Chester Kasnowski earned a combined BFA from Dayton Art Institute and the University of Dayton and MFA from Tulane University. Kasnowski has taught art for more than 30 years, lectured, written art reviews, given workshops, and was a curator of education at the New Orleans Museum of Art and gallery director of the Southern Vermont Arts Center. He has received many awards including a National Endowment for the Arts grant. He has exhibited his works worldwide in one-man as well as group shows. His works are in numerous private collections as well as museums such as the Museum of Modern Art (New York), the Guggenheim Museum (New York), the London Tate Gallery, and the Stedelijk Museum, Amsterdam. Mr. Kasnowski is forever grateful and honors the three important teachers who taught and befriended him—Harold Carney, Meyer Schapiro, and James Steven.
Teaching Statement
My teaching technique is fast paced, information packed, and a hands-on approach with repeated demonstrations drawn or painted for all the students to see. I use a digital projector with some PowerPoint and prepared art image presentations. Historical art and contemporary visual art are both employed to express a continuum and as examples to generate ideas and to implore techniques.

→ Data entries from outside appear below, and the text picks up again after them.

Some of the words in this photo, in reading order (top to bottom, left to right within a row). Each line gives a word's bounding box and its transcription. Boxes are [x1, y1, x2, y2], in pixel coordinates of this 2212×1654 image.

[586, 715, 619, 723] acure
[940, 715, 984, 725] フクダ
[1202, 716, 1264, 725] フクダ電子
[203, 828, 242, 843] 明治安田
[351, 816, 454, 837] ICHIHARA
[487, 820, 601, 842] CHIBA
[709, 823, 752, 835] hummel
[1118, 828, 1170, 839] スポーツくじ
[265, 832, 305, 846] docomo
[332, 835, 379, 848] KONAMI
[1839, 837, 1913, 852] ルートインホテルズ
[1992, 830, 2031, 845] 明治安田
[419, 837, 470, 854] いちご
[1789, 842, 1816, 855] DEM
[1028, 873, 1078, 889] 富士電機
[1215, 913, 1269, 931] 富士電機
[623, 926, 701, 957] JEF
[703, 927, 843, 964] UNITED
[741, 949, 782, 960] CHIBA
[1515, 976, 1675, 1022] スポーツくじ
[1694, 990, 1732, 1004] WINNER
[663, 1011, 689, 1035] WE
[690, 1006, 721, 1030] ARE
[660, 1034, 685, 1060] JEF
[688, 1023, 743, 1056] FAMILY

If the web is available I use my laptop to project art from the collections of the Louvre, the Metropolitan Museum, the National Gallery of Art, the Guggenheim, and other major art museums in a real-time manner. In other words, a question regarding impressionism would lead to a projection of art from the Musee d’Orsay or the Musee’ Marmottan, or find and project a Renoir exhibition somewhere in the world as part of the answer. This also allows me to project the painting at its actual size. This is a valuable aspect that adds important meaning to understanding an art work.

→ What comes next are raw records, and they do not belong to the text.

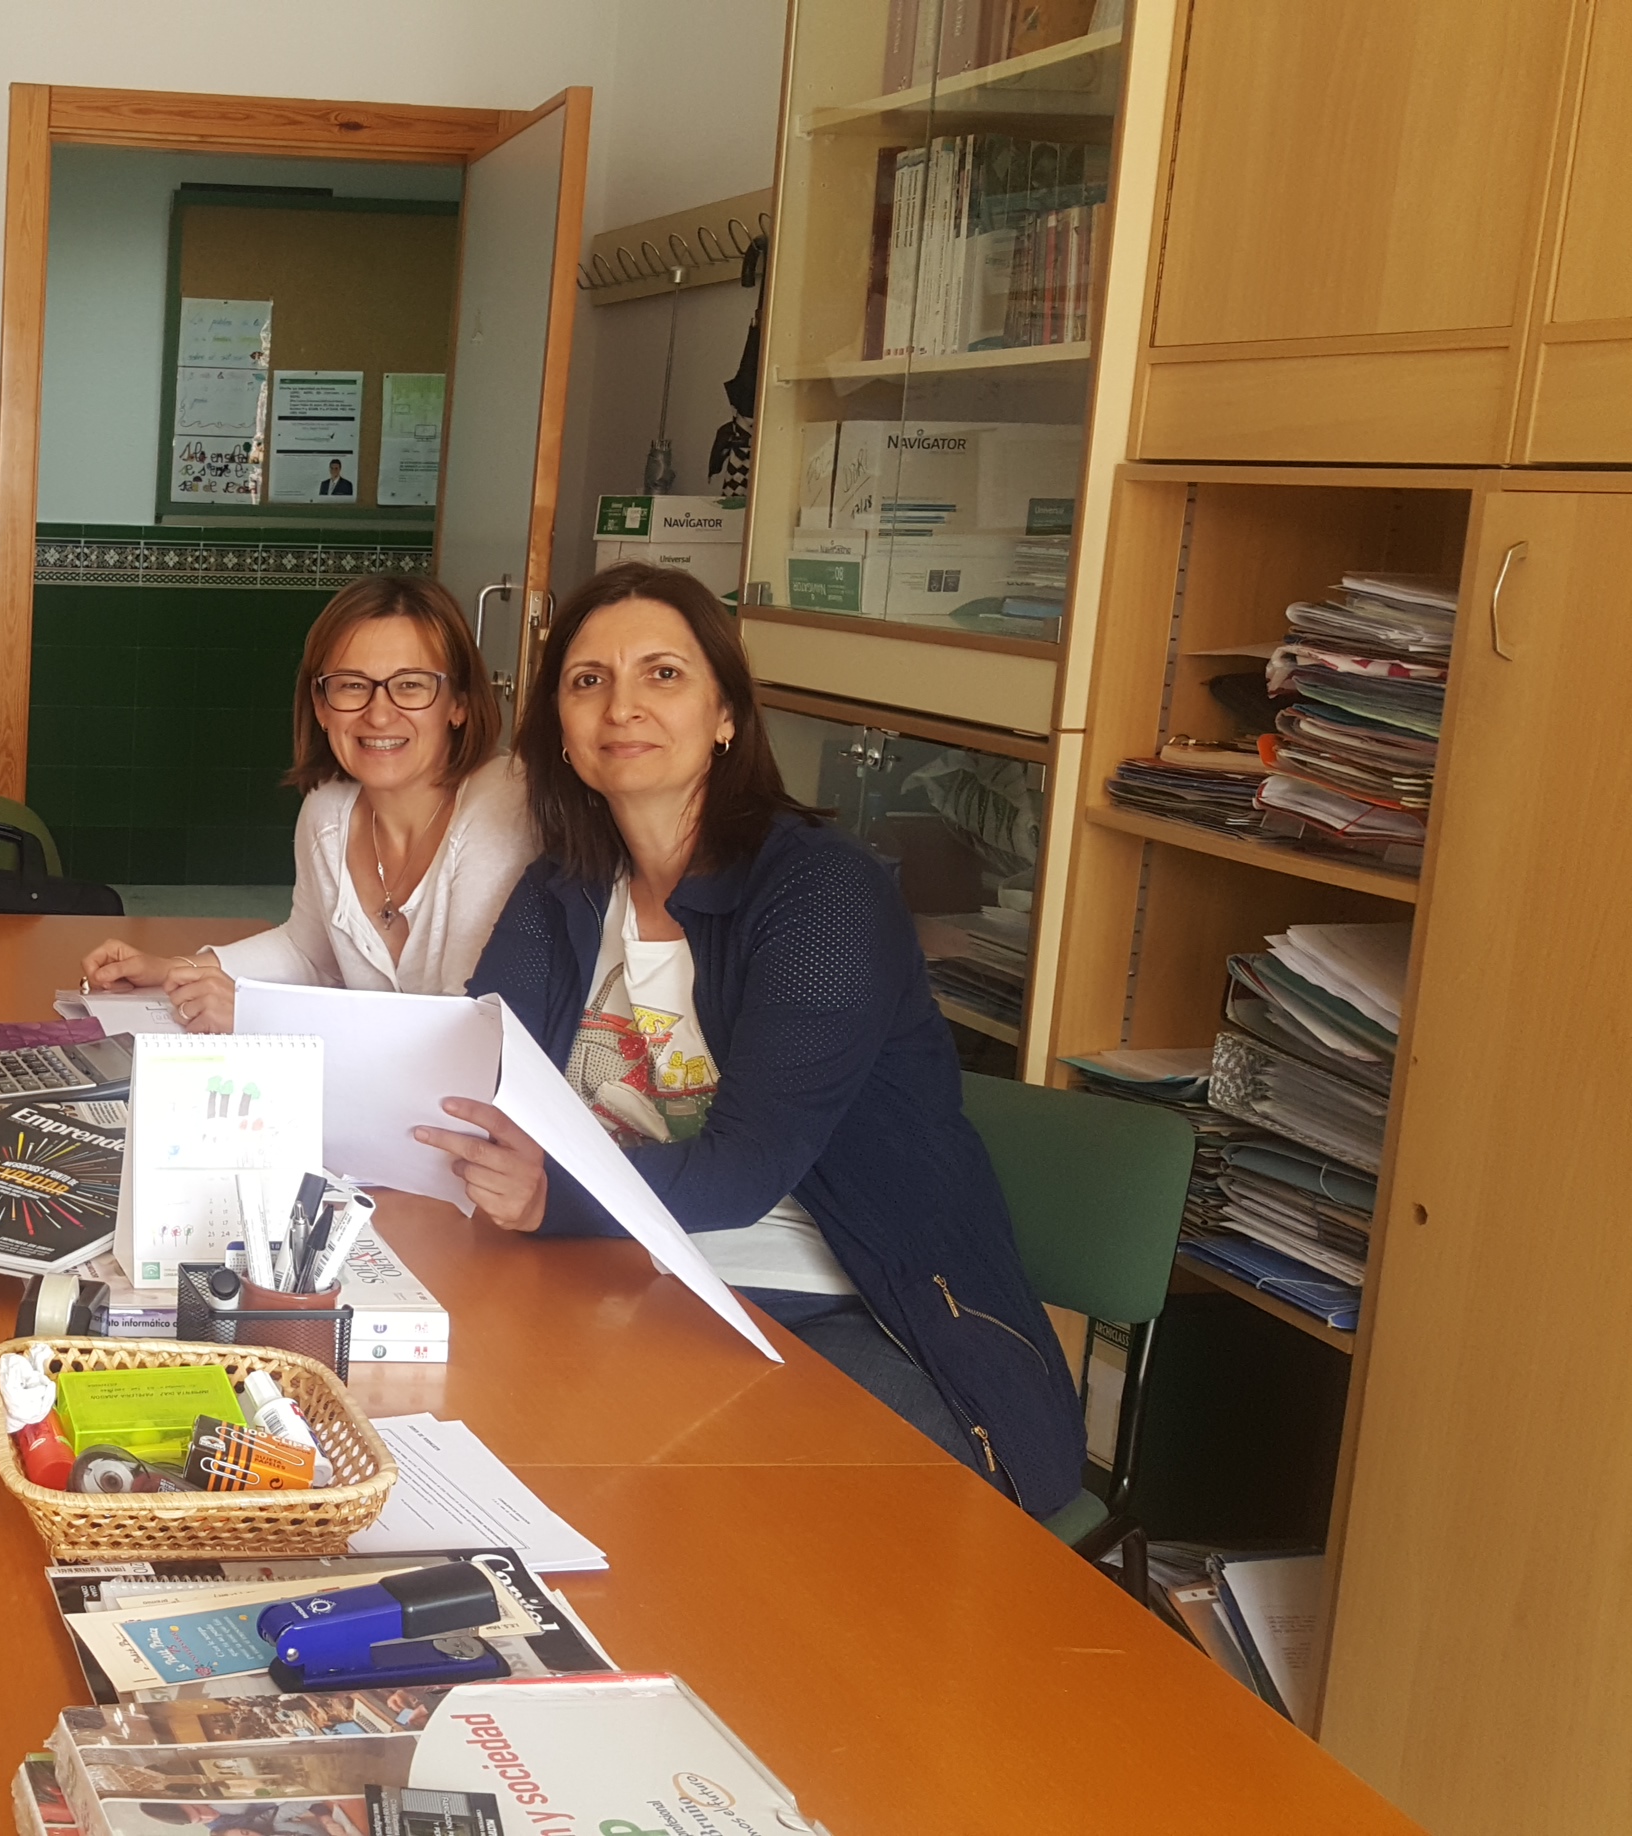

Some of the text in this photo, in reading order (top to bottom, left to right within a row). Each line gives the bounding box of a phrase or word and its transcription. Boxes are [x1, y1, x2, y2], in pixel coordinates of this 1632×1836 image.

[887, 433, 966, 450] NAVIGATOR
[10, 1108, 126, 1152] Emprende
[46, 1168, 70, 1182] PUNTO
[68, 1178, 79, 1186] DE
[356, 1238, 402, 1279] DINERO
[122, 1318, 170, 1328] informático
[243, 1427, 268, 1438] 100
[272, 1435, 312, 1451] CLIPS
[254, 1458, 286, 1470] PAPELES
[450, 1713, 548, 1804] sociedad
[686, 1774, 724, 1809] futuro
[526, 1811, 576, 1824] y

I express an equal value for analytical and emotional understandings to promote individual creativity. Even in group art workshops, I insist on one-on-one instruction. I guide each student using analytical drawings (the art elements) first of other artists works and then of their own. With repeated use of the visual language of the elements of art the student begins to see the world in terms of lines, textures, value, shapes, etc. The goal is to be able to use these critical skills on their own endeavors. The student begins to see with enhanced clarity what they are producing. At the same time, after study of the students work, I help them identify, in general, their unique fingerprint emotions that are translating visually onto the canvas. This aspect approaches the important soul of painting.
I stress that creativity is not a subject that can be taught. An art teacher can only strive and hope to be a source of tools, techniques, motivation, focus, and inspiration that will allow students to become accomplished creatively through their own desire, willpower, and work.